El Mapa Del Niño


El Mapa Del Niño
Versión satelital de sofocos y lluvias. En Lima altas temperaturas auguran un verano superlativo.

A miles de kilómetros de la Tierra, imagen nada serena de un Niño que presagia en el púrpura grandes lluvias y otros excesos climáticos.

EL primer coletazo que le propina el fenómeno del Niño al ciudadano común y corriente tiene la forma de una intensa ola de calor que lo envuelve por horas y de la que no es posible desprenderse hasta bien entrada la madrugada. En Lima se experimenta por estos días temperaturas cercanas a los 30 grados centígrados que, según la ubicación que uno tenga en la ciudad, puede verse incrementada en dos o tres grados. La conocida "locura" del clima limeño es una característica propia del verano, pero esta vez se ha visto agravada por el anormal incremento de la temperatura atmosférica.

Estampa de un verano que sofoca a la ciudad. Altas temperaturas replantean las costumbres de una población librada a los vaivenes de un clima irregular.
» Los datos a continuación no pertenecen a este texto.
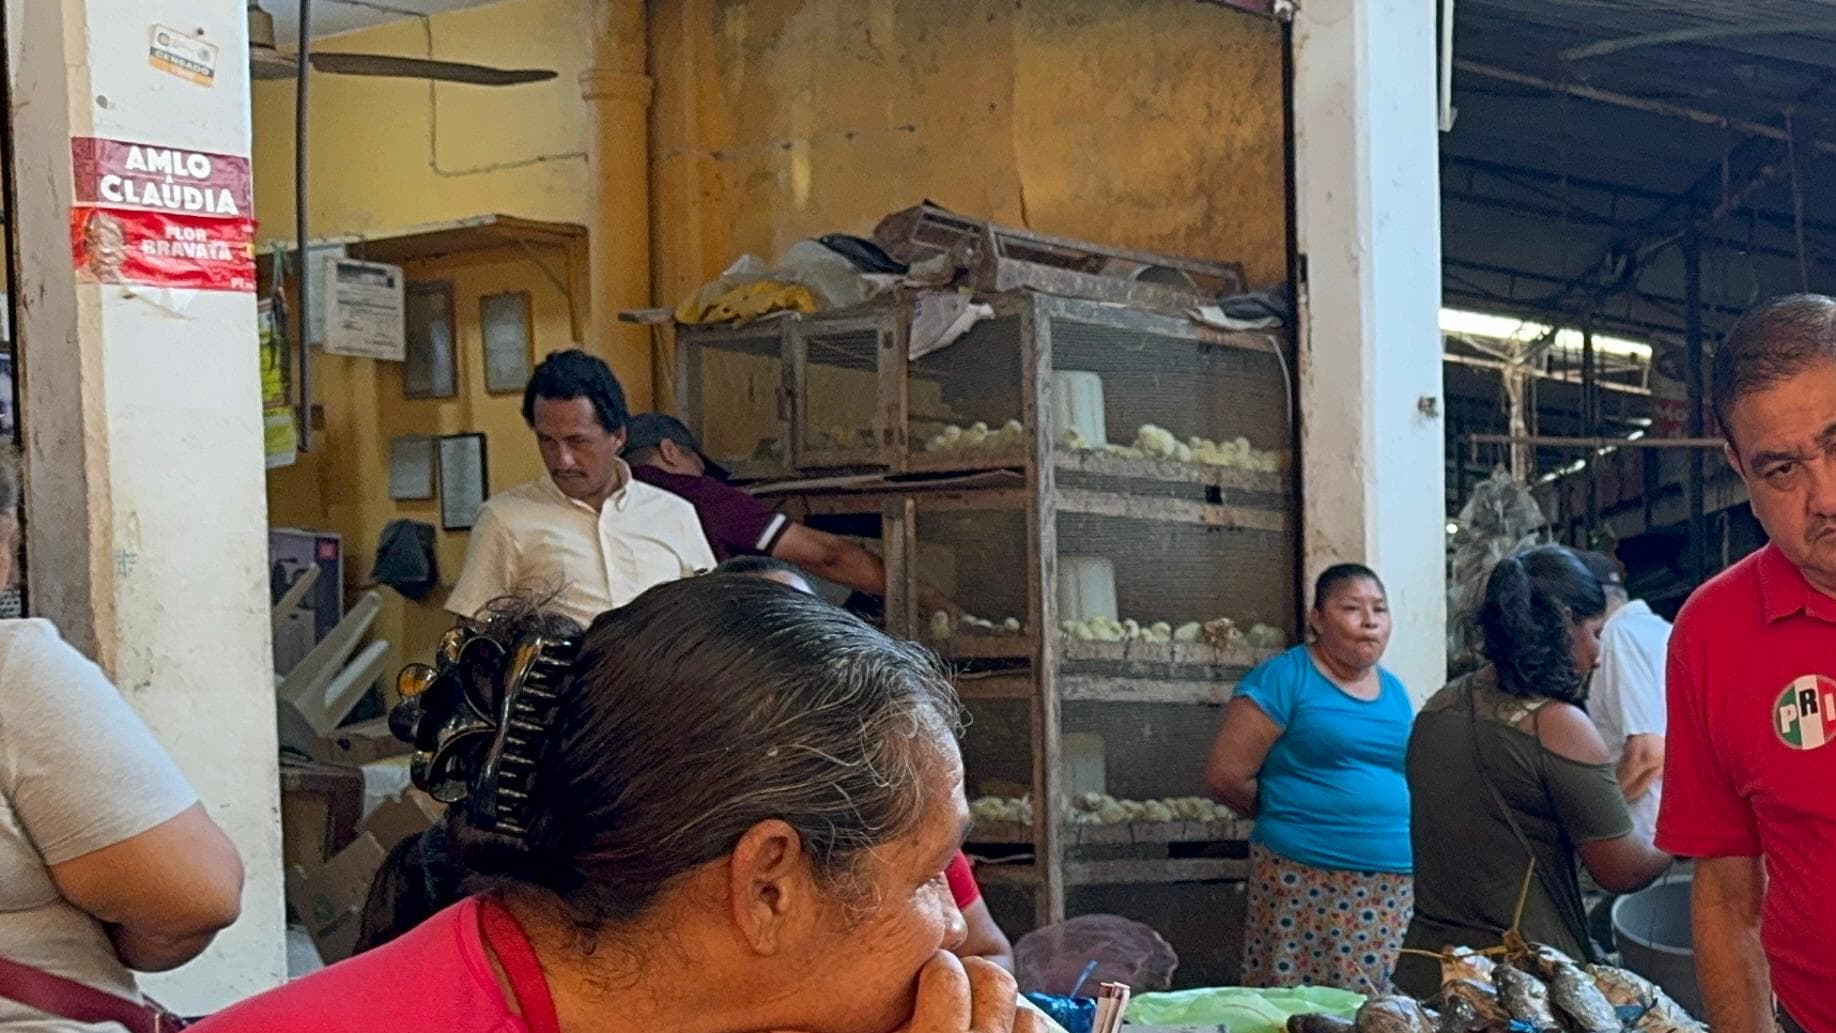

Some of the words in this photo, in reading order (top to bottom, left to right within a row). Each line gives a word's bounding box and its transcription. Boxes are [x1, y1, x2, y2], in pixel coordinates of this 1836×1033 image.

[155, 50, 209, 75] CENSADO
[125, 146, 211, 179] AMLO
[100, 174, 239, 215] CLAUDIA
[164, 225, 207, 242] FLOR
[139, 239, 233, 261] BRAVATA
[1780, 688, 1836, 734] PRI
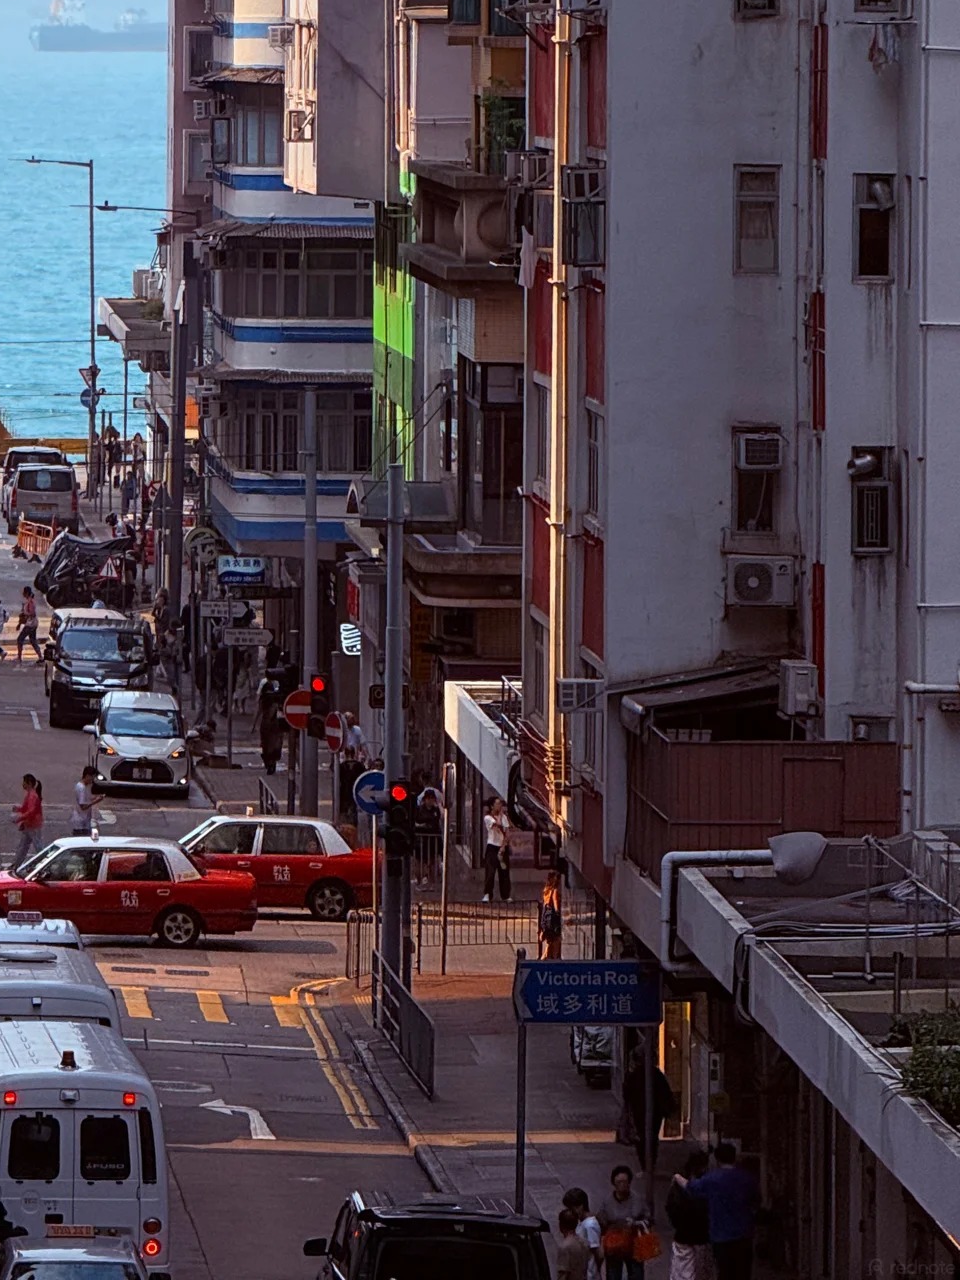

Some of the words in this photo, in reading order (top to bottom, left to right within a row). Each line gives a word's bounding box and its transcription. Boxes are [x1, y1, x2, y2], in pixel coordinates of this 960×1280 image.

[273, 864, 290, 873] 的士
[273, 872, 291, 882] TAXI
[120, 890, 138, 899] 的士
[122, 898, 139, 908] TAXI
[10, 912, 40, 920] TAXI
[536, 970, 602, 986] Victoria
[604, 971, 639, 986] Roa
[536, 993, 634, 1016] 域多利道
[52, 1226, 91, 1234] TAXI
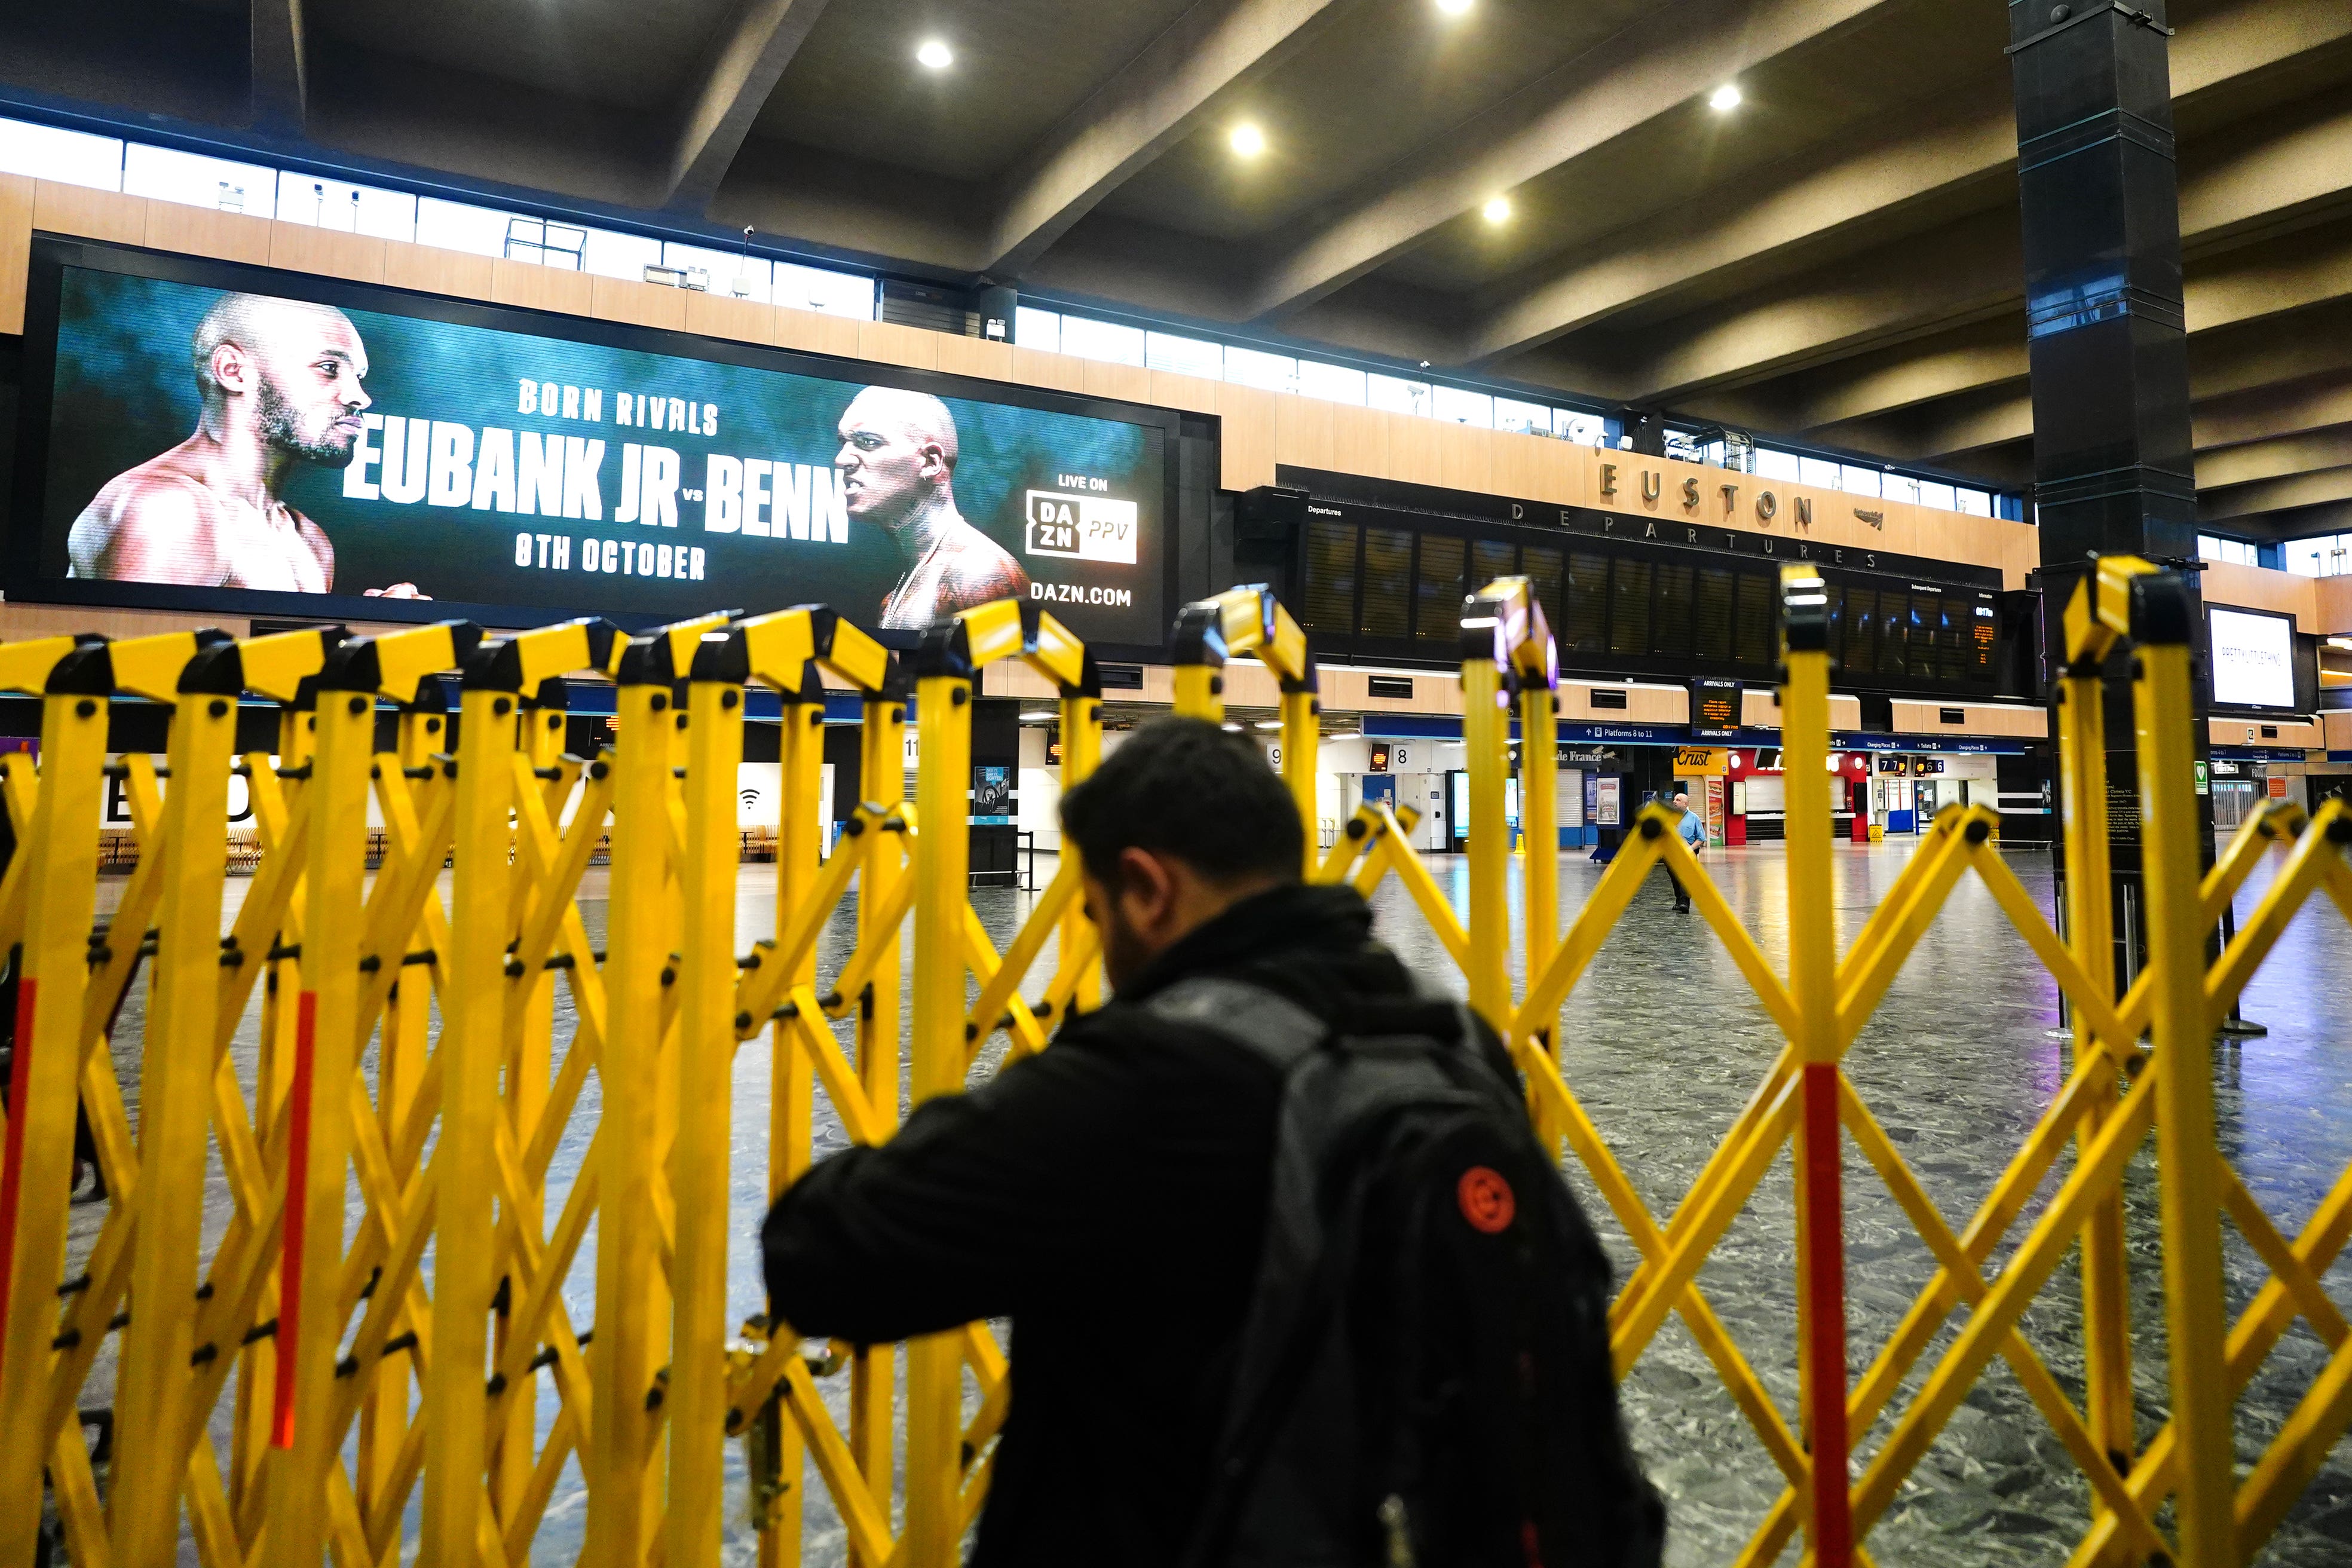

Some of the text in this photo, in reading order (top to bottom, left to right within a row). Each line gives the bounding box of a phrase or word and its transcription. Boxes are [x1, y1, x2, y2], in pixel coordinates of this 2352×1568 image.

[517, 378, 718, 437] BORN RIVALS
[342, 412, 605, 520] EUBANK
[614, 443, 681, 528] JR
[705, 453, 849, 544] BENN
[1058, 473, 1108, 492] LIVE ON
[1600, 463, 1811, 524] EUSTON
[1307, 505, 1342, 517] Departures
[1088, 520, 1128, 541] PPV
[1511, 504, 1875, 568] DEPARTURES
[514, 532, 705, 581] 8TH OCTOBER
[1030, 582, 1131, 607] DAZN.COM
[1604, 729, 1632, 737] Platforms
[1633, 729, 1637, 737] 8
[905, 739, 918, 756] 11
[1557, 751, 1601, 761] de France
[1272, 749, 1281, 764] 9
[1398, 749, 1407, 764] 8
[1677, 749, 1712, 766] Crust
[1893, 760, 1898, 769] 7
[1882, 761, 1888, 770] 7
[1927, 762, 1933, 771] 6
[1937, 761, 1942, 771] 6
Sea que se trabaje en el Centro Histórico, San Isidro o Miraflores, la sensación de calor que experimenta el sufrido ocupante de una oficina no es el mismo. Tal como afirma Pablo Lagos, presidente del Centro de Prevención Climática del Instituto Geofísico del Perú, Lima metropolitana, al igual que otras ciudades rodeadas de cerros y áreas industriales y comerciales, poseedoras de una alta concentración poblacional y con altos niveles de contaminación, tiene distintos "microclimas". Es la existencia de estos "microclimas" lo que crea las ostensibles diferencias de temperatura en distintos puntos de la capital. Así, mientras Miraflores, el Circuito de Playas y La Punta -por su proximidad al mar- presentan una temperatura en dos o tres grados menor al centro (que anda por encima de los 28 grados en su hora pico), La Molina, Independencia y Zárate conforman una zona donde la abrasiva sensación del calor es inclemente.
En realidad todo es parte de un fenómeno complejo, que requiere del análisis de múltiples factores climáticos y que ha merecido la atención de instituciones nacionales y extranjeras preocupadas por lo que el Niño puede producir en la fisonomía y la economía del mundo. Entre ellas puede contarse al Instituto Geofísico del Perú, la Dirección de Hidrografía y Navegación de la Marina de Guerra, los Servicios Meteorológicos y Aeronáuticos de Corpac, el SENAMHI y el Instituto del Mar Peruano, además del esfuerzo desplegado desde el hemisferio norte por la NOAA, agencia norteamericana encargada de estudiar el clima a nivel mundial. Estas coinciden en que el fenómeno de este año logrará grandes proporciones, pero que para nada se llegará a los niveles que en 1983 hicieron colapsar al país. Según información conseguida desde satélite por el astrónomo Abraham Levy (página anterior), la temperatura del mar -cinco a seis grados por encima de sus índices de normalidad- ha facilitado la formación de nubes que irán madurando en forma de lluvias y cuya manifestación extrema son las temidas tormentas eléctricas. La fotografía grafica en color negro cielo despejado, en rojo la presencia de nubosidad, en azul el proceso de evaporación del agua de mar y formación de nubes cargadas y en púrpura la consolidación de grandes nubarrones con capacidad de producir fortísimas precipitaciones. En los últimos días Tumbes y la sierra de Piura han comenzado a sufrir los embates de una naturaleza que puede llegar a desbocarse en cualquier momento.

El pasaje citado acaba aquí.